Só queria dar o fora. Em ti, daqui, de qualquer lugar. Aonde eu não tenha estômago pra ser uma dessas mulheres que gostam de arrastar um bonde e a cara no chão. Tudo em nome de uma coisa que faz todos gargalharem ou fazer uma cara de dó se arrisco chamar de amor. Isso não é amor, criatura de deus. Quem sabe de mim sou eu, repito pra mim. Eles não sabem, mas eu sonho um dia gostar menos de ti e ninguém nesse mundo me ajuda tanto pra que isso aconteça, senão você. Cada passo em falso seu pra me perder, insisto cada vez mais te querer.
Sai de mim, eu penso olhando o povo, as vitrinas e uns cartazes com aquele seu meio riso da janela do meu ônibus. Mas se eu não quero um filho com buraco no queixo, barba encravada, camisa furada nas costas, cantando “Don't Let Me Down”? Se eu não quero mais passear de mão e passar vergonha na frente dos outros? Se eu te odeio tanto, porque eu gosto mais de mim contigo por perto? Então? Quero o quê? Pronto, não dá mais. Eu me decido.

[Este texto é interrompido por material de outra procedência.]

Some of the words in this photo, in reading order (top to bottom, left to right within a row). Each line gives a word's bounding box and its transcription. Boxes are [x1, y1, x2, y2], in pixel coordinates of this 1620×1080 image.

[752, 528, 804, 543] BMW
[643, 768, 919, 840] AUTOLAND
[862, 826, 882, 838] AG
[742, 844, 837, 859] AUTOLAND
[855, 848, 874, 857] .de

Aí, basta um pio e eu largo tudo apitando, pondo a razão a perder. O valor do meu silêncio é inversamente proporcional pra nós dois. O centavo que te faz voltar é o ouro que me compra. Os hematomas nas minhas coxas, ombros e calcanhares são todos culpa minha, apesar das suas impressões digitais. Não se engane, fosse uma surra física seria tão mais fácil, mas não, são apenas brincadeiras de mau gosto. Tapas, mordidas e vergões são suas marcas registradas mostrando que meu coração vazio é meramente ilustrativo. Entre nós, o sexo e a dor não podem ser vividos separadamente.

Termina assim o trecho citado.